Items from a data source:
· · ·

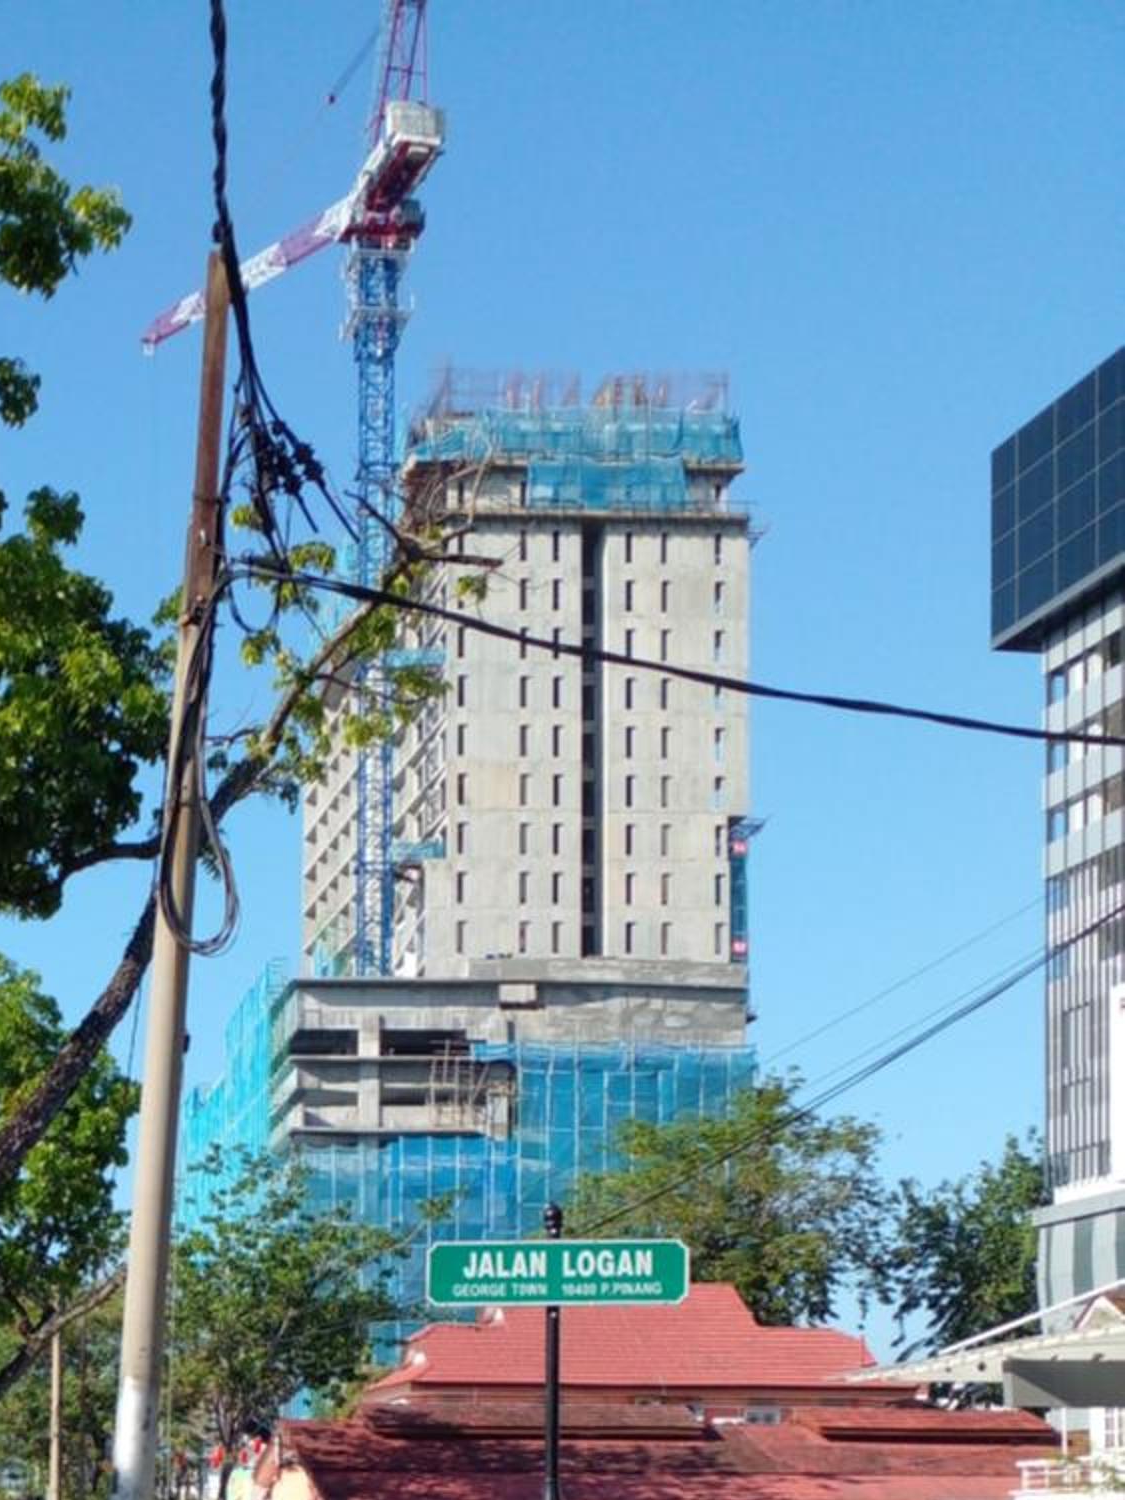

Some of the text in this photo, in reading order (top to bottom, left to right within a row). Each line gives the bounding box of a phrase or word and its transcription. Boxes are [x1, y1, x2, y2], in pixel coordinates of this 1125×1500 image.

[463, 1249, 653, 1278] JALAN LOGAN
[453, 1283, 506, 1297] GEORGE
[512, 1283, 547, 1296] TOWN
[601, 1281, 662, 1296] P.PINANG
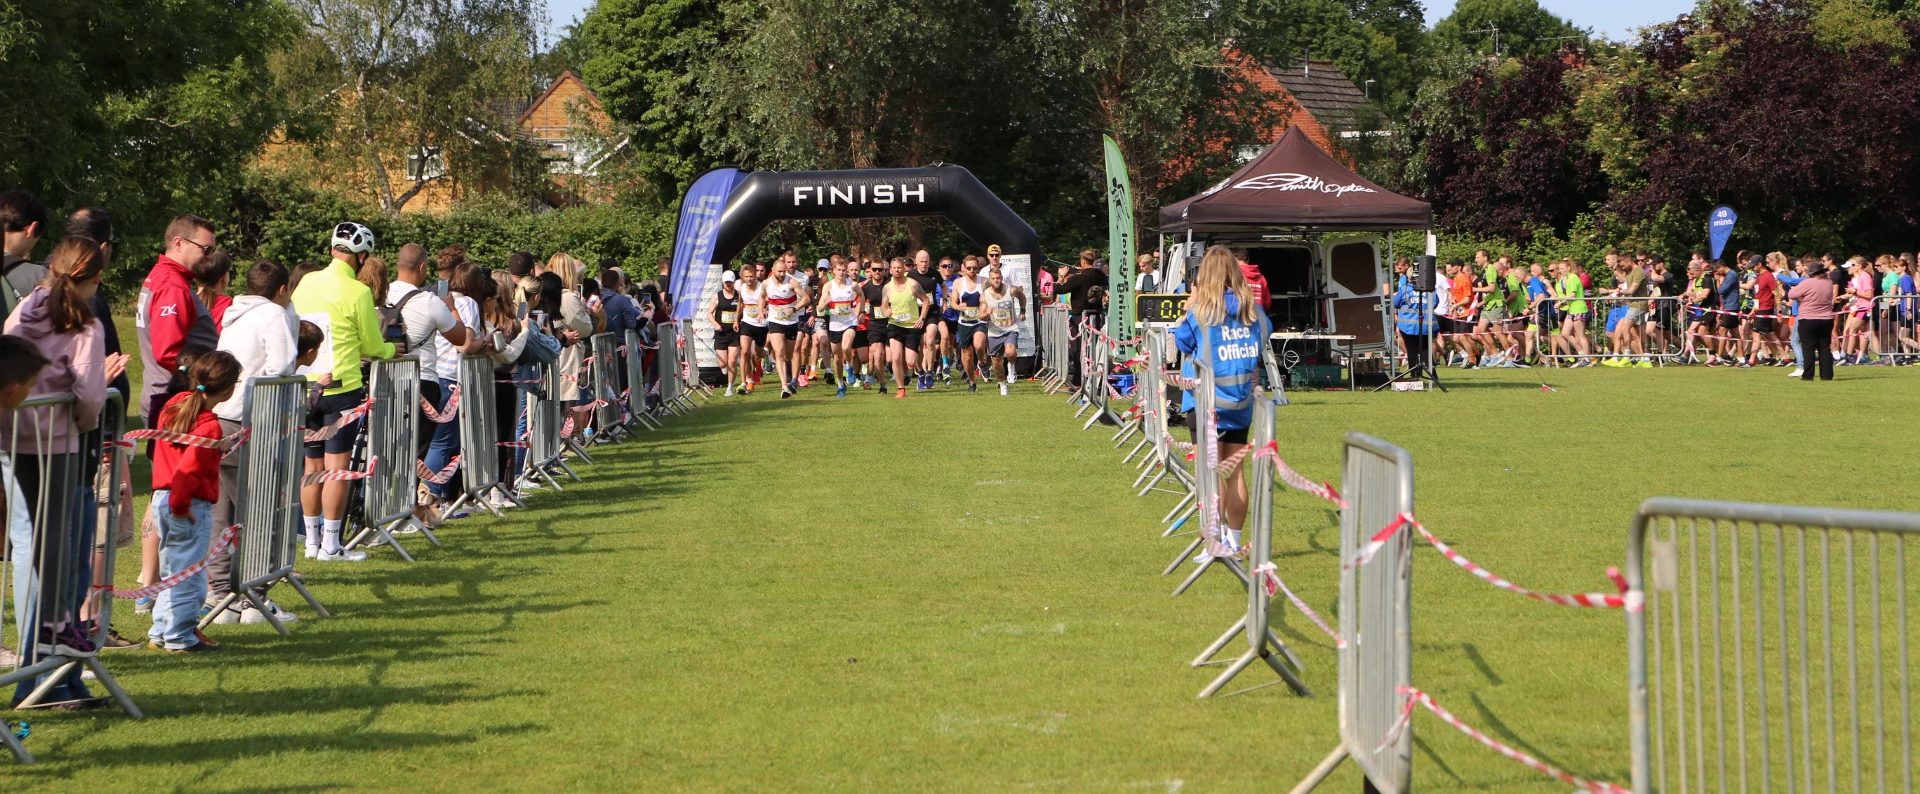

· · ·

### Problem statement
Each record above is to be returned unchanged, while any picture it holds stays out.

### Exercise output
Some of the text in this photo, in reading order (top to bottom, left to right within a row). Each line gives the bounding box of a phrase or word and its transcription. Boxes are [x1, y1, x2, y2], in pixel coordinates of this 1125×1500 image.

[463, 1249, 653, 1278] JALAN LOGAN
[453, 1283, 506, 1297] GEORGE
[512, 1283, 547, 1296] TOWN
[601, 1281, 662, 1296] P.PINANG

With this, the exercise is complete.